Referring expression grounding data:
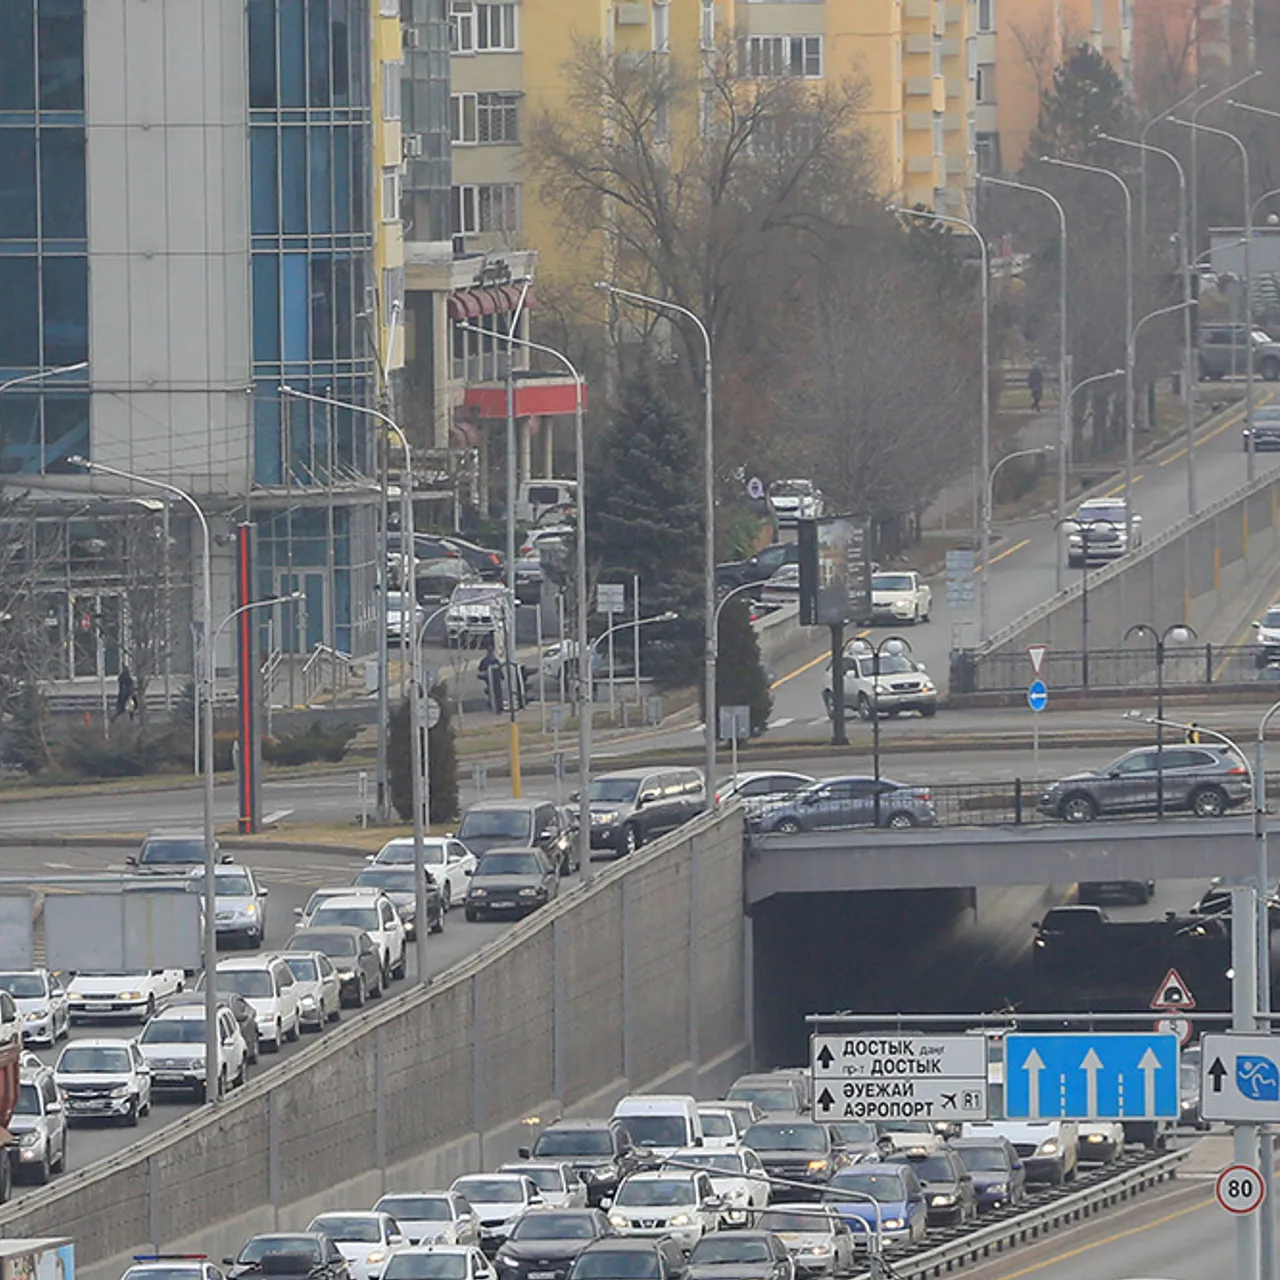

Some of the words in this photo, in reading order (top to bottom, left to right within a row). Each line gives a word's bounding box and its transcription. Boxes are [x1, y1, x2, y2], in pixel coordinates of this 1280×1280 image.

[871, 1059, 942, 1075] ДОСТЫК
[843, 1080, 914, 1098] ӘУЕЖАЙ
[843, 1102, 934, 1117] АЭРОПОРТ
[1227, 1179, 1253, 1198] 80

PROBLEM TO WORK ON:
Could you set down the records above word for word, without any of the pictures?

OUTPUT BELOW:
Some of the words in this photo, in reading order (top to bottom, left to right within a row). Each line gives a word's bounding box and its transcription. Boxes are [x1, y1, x2, y2], in pixel coordinates of this 1280×1280 image.

[871, 1059, 942, 1075] ДОСТЫК
[843, 1080, 914, 1098] ӘУЕЖАЙ
[843, 1102, 934, 1117] АЭРОПОРТ
[1227, 1179, 1253, 1198] 80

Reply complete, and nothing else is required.